Stored dataset items

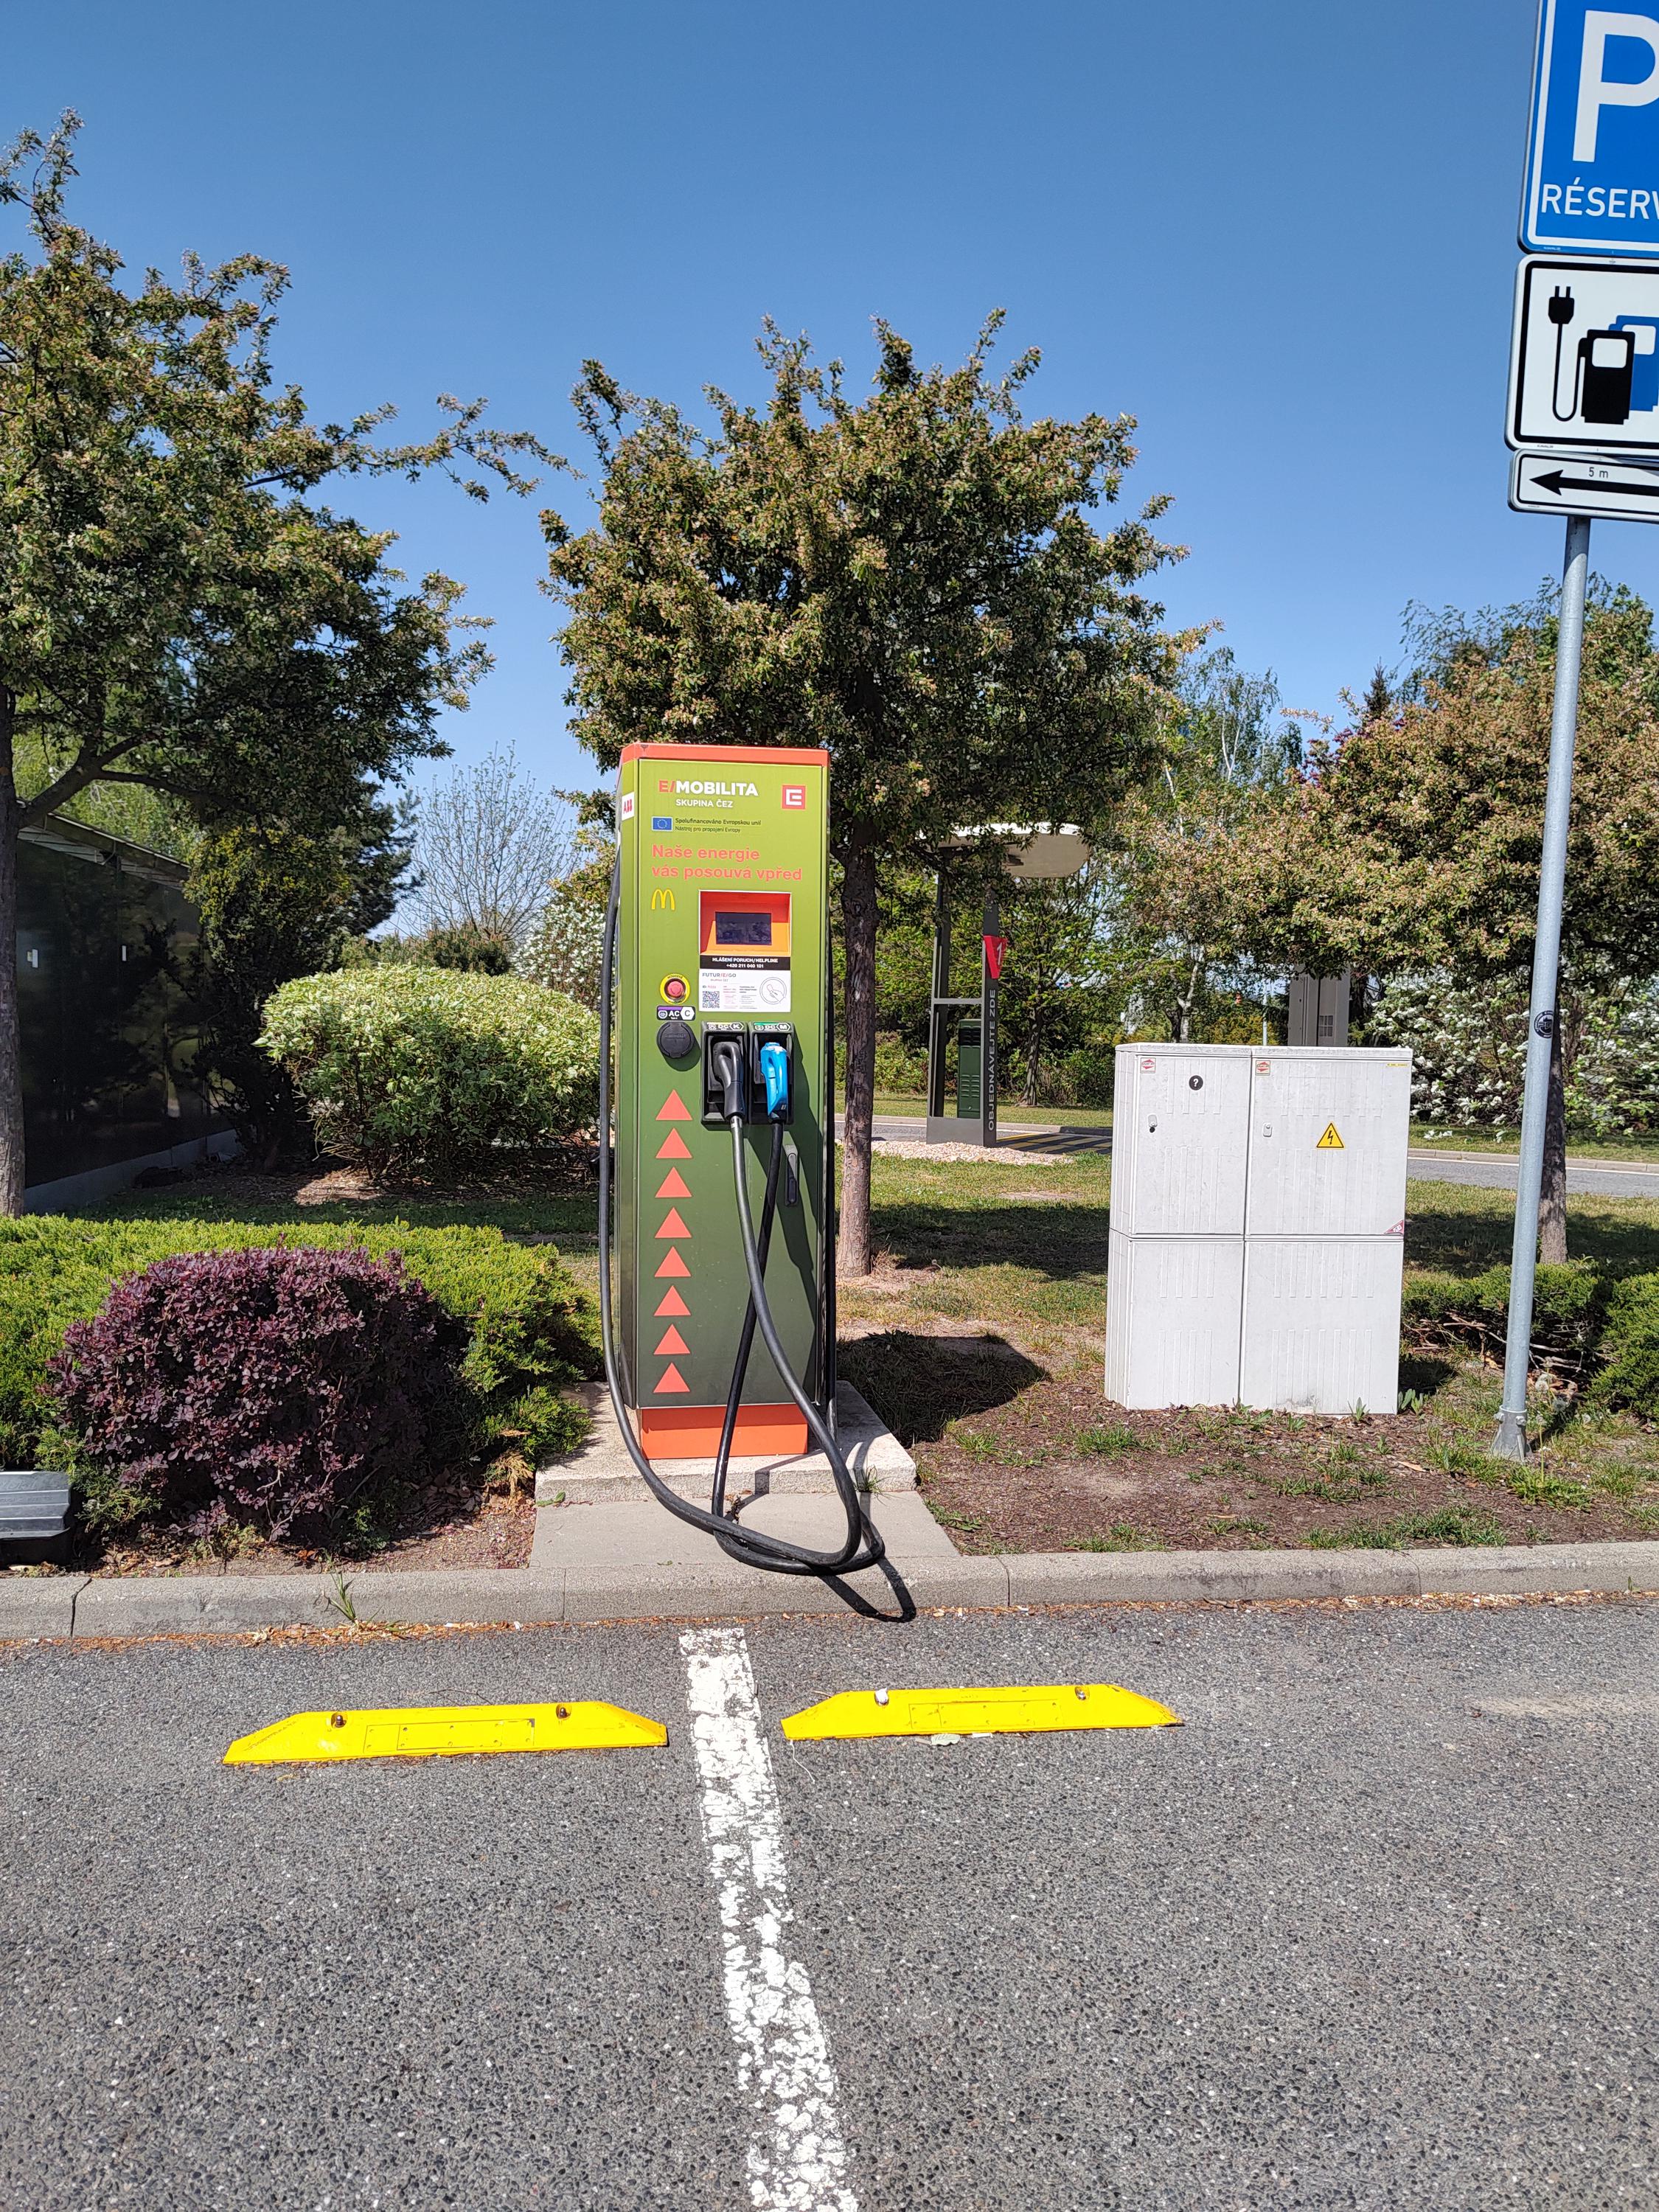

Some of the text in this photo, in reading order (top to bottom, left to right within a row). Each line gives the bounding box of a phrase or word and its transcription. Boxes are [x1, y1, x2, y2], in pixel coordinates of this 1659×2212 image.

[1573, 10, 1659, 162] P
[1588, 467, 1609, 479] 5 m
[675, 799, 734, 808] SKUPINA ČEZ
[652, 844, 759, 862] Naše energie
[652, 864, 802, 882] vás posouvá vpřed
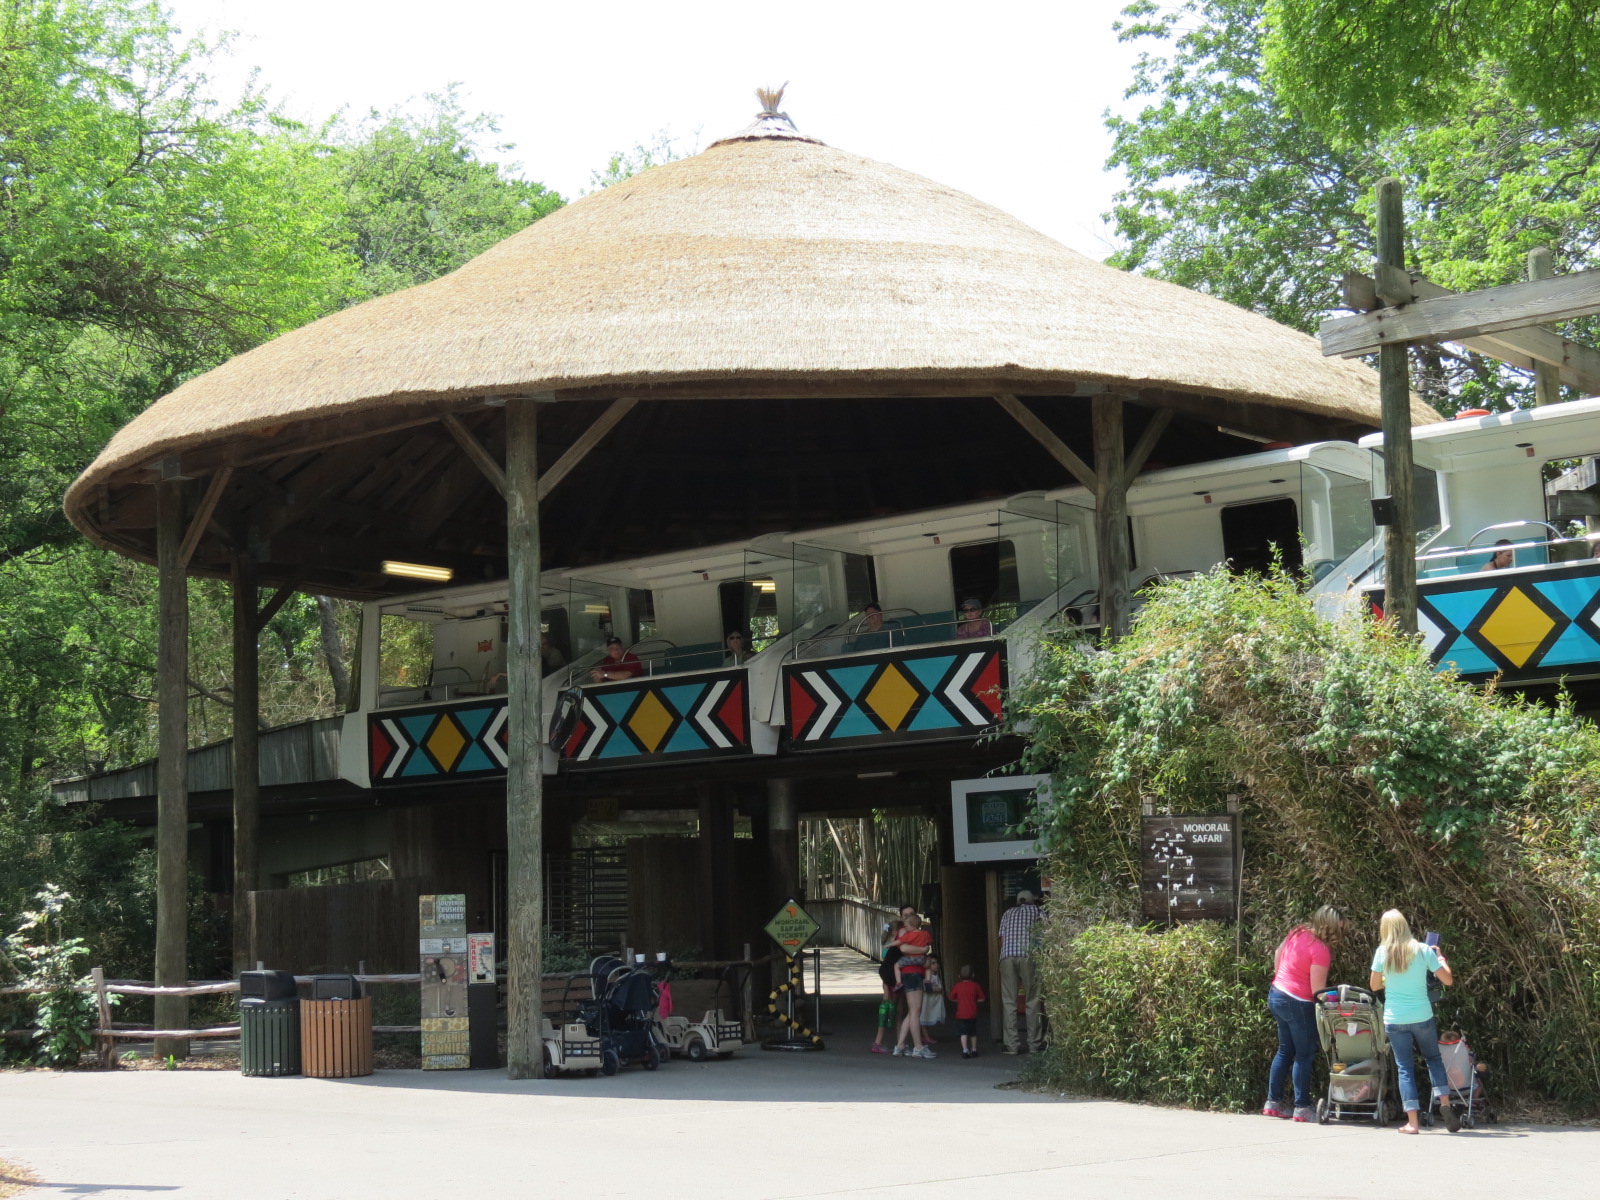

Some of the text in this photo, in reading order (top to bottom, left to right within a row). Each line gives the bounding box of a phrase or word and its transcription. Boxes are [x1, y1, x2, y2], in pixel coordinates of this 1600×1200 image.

◆ **Goal of the exercise**:
Write out the data exactly, and exclude every picture it holds.

◆ **Your solution**:
Some of the text in this photo, in reading order (top to bottom, left to right within a row). Each line gives the bounding box of a phrase or word and its transcription. Boxes are [x1, y1, x2, y2], in pixel coordinates of this 1659×2212 image.

[1573, 10, 1659, 162] P
[1588, 467, 1609, 479] 5 m
[675, 799, 734, 808] SKUPINA ČEZ
[652, 844, 759, 862] Naše energie
[652, 864, 802, 882] vás posouvá vpřed

Some of the text in this photo, in reading order (top to bottom, left to right within a row). Each line gives the bounding box of a phrase or word and its transcription. Boxes are [x1, y1, x2, y2], in pixel coordinates of this 1600×1200 image.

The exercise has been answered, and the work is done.